_What is needed_. For every entry, output the exact wording.

_Record extracts_.
+--

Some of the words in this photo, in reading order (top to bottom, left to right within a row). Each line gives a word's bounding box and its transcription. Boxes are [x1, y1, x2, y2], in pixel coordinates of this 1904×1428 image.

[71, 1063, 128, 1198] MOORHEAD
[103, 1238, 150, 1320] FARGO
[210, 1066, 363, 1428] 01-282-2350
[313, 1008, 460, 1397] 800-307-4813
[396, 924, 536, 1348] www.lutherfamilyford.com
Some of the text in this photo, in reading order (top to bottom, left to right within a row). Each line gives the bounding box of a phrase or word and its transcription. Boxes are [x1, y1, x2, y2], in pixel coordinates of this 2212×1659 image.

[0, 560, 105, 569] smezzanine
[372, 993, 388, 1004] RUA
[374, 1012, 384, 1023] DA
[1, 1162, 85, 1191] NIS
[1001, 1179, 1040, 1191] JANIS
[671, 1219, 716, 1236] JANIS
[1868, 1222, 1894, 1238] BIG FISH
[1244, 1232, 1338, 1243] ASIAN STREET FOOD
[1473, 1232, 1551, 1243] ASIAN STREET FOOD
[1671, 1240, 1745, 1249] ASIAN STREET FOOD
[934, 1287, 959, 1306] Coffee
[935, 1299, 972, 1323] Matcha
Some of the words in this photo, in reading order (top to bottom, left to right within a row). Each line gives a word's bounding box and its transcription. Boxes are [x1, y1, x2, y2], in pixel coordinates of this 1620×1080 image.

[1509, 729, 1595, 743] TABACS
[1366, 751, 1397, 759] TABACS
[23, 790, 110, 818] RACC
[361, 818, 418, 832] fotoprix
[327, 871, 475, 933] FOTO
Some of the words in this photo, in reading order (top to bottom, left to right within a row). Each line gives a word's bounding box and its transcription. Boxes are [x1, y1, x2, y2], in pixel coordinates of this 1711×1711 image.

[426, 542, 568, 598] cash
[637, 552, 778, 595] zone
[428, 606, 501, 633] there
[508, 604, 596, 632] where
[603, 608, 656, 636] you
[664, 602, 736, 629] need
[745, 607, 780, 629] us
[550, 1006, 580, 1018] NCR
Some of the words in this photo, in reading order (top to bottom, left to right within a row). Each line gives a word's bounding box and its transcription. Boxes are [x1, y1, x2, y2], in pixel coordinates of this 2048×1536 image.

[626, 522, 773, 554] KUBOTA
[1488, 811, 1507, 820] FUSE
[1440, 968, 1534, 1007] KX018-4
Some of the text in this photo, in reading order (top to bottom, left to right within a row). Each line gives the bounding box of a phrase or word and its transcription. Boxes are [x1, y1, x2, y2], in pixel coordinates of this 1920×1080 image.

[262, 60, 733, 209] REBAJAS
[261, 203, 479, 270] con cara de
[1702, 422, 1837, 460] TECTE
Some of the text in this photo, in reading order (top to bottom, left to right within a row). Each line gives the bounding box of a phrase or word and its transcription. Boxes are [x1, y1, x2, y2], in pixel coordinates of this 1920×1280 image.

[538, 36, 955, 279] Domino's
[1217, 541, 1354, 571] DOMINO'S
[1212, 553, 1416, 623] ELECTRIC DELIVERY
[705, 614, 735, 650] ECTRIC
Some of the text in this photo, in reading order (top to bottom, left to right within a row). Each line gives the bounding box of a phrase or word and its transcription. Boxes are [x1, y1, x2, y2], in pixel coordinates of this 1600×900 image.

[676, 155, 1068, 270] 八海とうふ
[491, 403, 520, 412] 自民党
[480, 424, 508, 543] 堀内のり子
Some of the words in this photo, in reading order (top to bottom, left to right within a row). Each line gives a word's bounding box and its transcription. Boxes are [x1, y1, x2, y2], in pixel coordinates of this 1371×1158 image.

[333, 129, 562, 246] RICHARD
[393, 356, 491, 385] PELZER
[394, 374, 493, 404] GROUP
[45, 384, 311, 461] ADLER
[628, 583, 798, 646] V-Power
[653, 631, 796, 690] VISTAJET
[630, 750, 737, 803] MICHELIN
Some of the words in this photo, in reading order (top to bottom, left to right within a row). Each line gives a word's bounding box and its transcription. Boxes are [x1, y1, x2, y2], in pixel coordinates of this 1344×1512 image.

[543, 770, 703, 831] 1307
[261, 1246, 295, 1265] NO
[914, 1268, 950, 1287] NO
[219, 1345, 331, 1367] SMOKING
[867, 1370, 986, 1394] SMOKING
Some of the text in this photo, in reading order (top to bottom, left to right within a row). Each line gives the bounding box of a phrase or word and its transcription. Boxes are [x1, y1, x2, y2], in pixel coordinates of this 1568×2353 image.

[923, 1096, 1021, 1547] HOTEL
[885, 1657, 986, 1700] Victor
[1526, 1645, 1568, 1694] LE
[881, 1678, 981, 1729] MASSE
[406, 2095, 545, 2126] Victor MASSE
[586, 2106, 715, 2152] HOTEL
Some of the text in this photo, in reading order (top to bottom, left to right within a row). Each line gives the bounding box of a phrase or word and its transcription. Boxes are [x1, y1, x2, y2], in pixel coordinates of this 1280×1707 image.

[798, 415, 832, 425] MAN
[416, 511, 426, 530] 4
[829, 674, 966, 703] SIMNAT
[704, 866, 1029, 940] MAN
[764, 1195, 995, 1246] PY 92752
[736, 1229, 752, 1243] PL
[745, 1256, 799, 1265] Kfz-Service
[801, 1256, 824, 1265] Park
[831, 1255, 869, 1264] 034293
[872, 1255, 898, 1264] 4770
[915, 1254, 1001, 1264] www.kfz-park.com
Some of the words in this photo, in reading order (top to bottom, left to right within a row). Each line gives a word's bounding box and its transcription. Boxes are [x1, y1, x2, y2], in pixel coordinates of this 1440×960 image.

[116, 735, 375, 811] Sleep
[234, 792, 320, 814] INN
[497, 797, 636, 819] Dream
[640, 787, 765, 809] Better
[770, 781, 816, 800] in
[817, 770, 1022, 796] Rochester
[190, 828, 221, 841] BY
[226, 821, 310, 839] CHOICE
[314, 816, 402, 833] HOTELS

+--

_Answer box_.
Some of the words in this photo, in reading order (top to bottom, left to right within a row). Each line gives a word's bounding box and its transcription. Boxes are [x1, y1, x2, y2], in pixel coordinates of this 1904×1428 image.

[71, 1063, 128, 1198] MOORHEAD
[103, 1238, 150, 1320] FARGO
[210, 1066, 363, 1428] 01-282-2350
[313, 1008, 460, 1397] 800-307-4813
[396, 924, 536, 1348] www.lutherfamilyford.com
Some of the text in this photo, in reading order (top to bottom, left to right within a row). Each line gives the bounding box of a phrase or word and its transcription. Boxes are [x1, y1, x2, y2], in pixel coordinates of this 2212×1659 image.

[0, 560, 105, 569] smezzanine
[372, 993, 388, 1004] RUA
[374, 1012, 384, 1023] DA
[1, 1162, 85, 1191] NIS
[1001, 1179, 1040, 1191] JANIS
[671, 1219, 716, 1236] JANIS
[1868, 1222, 1894, 1238] BIG FISH
[1244, 1232, 1338, 1243] ASIAN STREET FOOD
[1473, 1232, 1551, 1243] ASIAN STREET FOOD
[1671, 1240, 1745, 1249] ASIAN STREET FOOD
[934, 1287, 959, 1306] Coffee
[935, 1299, 972, 1323] Matcha
Some of the words in this photo, in reading order (top to bottom, left to right within a row). Each line gives a word's bounding box and its transcription. Boxes are [x1, y1, x2, y2], in pixel coordinates of this 1620×1080 image.

[1509, 729, 1595, 743] TABACS
[1366, 751, 1397, 759] TABACS
[23, 790, 110, 818] RACC
[361, 818, 418, 832] fotoprix
[327, 871, 475, 933] FOTO
Some of the words in this photo, in reading order (top to bottom, left to right within a row). Each line gives a word's bounding box and its transcription. Boxes are [x1, y1, x2, y2], in pixel coordinates of this 1711×1711 image.

[426, 542, 568, 598] cash
[637, 552, 778, 595] zone
[428, 606, 501, 633] there
[508, 604, 596, 632] where
[603, 608, 656, 636] you
[664, 602, 736, 629] need
[745, 607, 780, 629] us
[550, 1006, 580, 1018] NCR
Some of the words in this photo, in reading order (top to bottom, left to right within a row). Each line gives a word's bounding box and its transcription. Boxes are [x1, y1, x2, y2], in pixel coordinates of this 2048×1536 image.

[626, 522, 773, 554] KUBOTA
[1488, 811, 1507, 820] FUSE
[1440, 968, 1534, 1007] KX018-4
Some of the text in this photo, in reading order (top to bottom, left to right within a row). Each line gives the bounding box of a phrase or word and its transcription. Boxes are [x1, y1, x2, y2], in pixel coordinates of this 1920×1080 image.

[262, 60, 733, 209] REBAJAS
[261, 203, 479, 270] con cara de
[1702, 422, 1837, 460] TECTE
Some of the text in this photo, in reading order (top to bottom, left to right within a row). Each line gives the bounding box of a phrase or word and its transcription. Boxes are [x1, y1, x2, y2], in pixel coordinates of this 1920×1280 image.

[538, 36, 955, 279] Domino's
[1217, 541, 1354, 571] DOMINO'S
[1212, 553, 1416, 623] ELECTRIC DELIVERY
[705, 614, 735, 650] ECTRIC
Some of the text in this photo, in reading order (top to bottom, left to right within a row). Each line gives the bounding box of a phrase or word and its transcription. Boxes are [x1, y1, x2, y2], in pixel coordinates of this 1600×900 image.

[676, 155, 1068, 270] 八海とうふ
[491, 403, 520, 412] 自民党
[480, 424, 508, 543] 堀内のり子
Some of the words in this photo, in reading order (top to bottom, left to right within a row). Each line gives a word's bounding box and its transcription. Boxes are [x1, y1, x2, y2], in pixel coordinates of this 1371×1158 image.

[333, 129, 562, 246] RICHARD
[393, 356, 491, 385] PELZER
[394, 374, 493, 404] GROUP
[45, 384, 311, 461] ADLER
[628, 583, 798, 646] V-Power
[653, 631, 796, 690] VISTAJET
[630, 750, 737, 803] MICHELIN
Some of the words in this photo, in reading order (top to bottom, left to right within a row). Each line gives a word's bounding box and its transcription. Boxes are [x1, y1, x2, y2], in pixel coordinates of this 1344×1512 image.

[543, 770, 703, 831] 1307
[261, 1246, 295, 1265] NO
[914, 1268, 950, 1287] NO
[219, 1345, 331, 1367] SMOKING
[867, 1370, 986, 1394] SMOKING
Some of the text in this photo, in reading order (top to bottom, left to right within a row). Each line gives the bounding box of a phrase or word and its transcription. Boxes are [x1, y1, x2, y2], in pixel coordinates of this 1568×2353 image.

[923, 1096, 1021, 1547] HOTEL
[885, 1657, 986, 1700] Victor
[1526, 1645, 1568, 1694] LE
[881, 1678, 981, 1729] MASSE
[406, 2095, 545, 2126] Victor MASSE
[586, 2106, 715, 2152] HOTEL
Some of the text in this photo, in reading order (top to bottom, left to right within a row). Each line gives the bounding box of a phrase or word and its transcription. Boxes are [x1, y1, x2, y2], in pixel coordinates of this 1280×1707 image.

[798, 415, 832, 425] MAN
[416, 511, 426, 530] 4
[829, 674, 966, 703] SIMNAT
[704, 866, 1029, 940] MAN
[764, 1195, 995, 1246] PY 92752
[736, 1229, 752, 1243] PL
[745, 1256, 799, 1265] Kfz-Service
[801, 1256, 824, 1265] Park
[831, 1255, 869, 1264] 034293
[872, 1255, 898, 1264] 4770
[915, 1254, 1001, 1264] www.kfz-park.com
Some of the words in this photo, in reading order (top to bottom, left to right within a row). Each line gives a word's bounding box and its transcription. Boxes are [x1, y1, x2, y2], in pixel coordinates of this 1440×960 image.

[116, 735, 375, 811] Sleep
[234, 792, 320, 814] INN
[497, 797, 636, 819] Dream
[640, 787, 765, 809] Better
[770, 781, 816, 800] in
[817, 770, 1022, 796] Rochester
[190, 828, 221, 841] BY
[226, 821, 310, 839] CHOICE
[314, 816, 402, 833] HOTELS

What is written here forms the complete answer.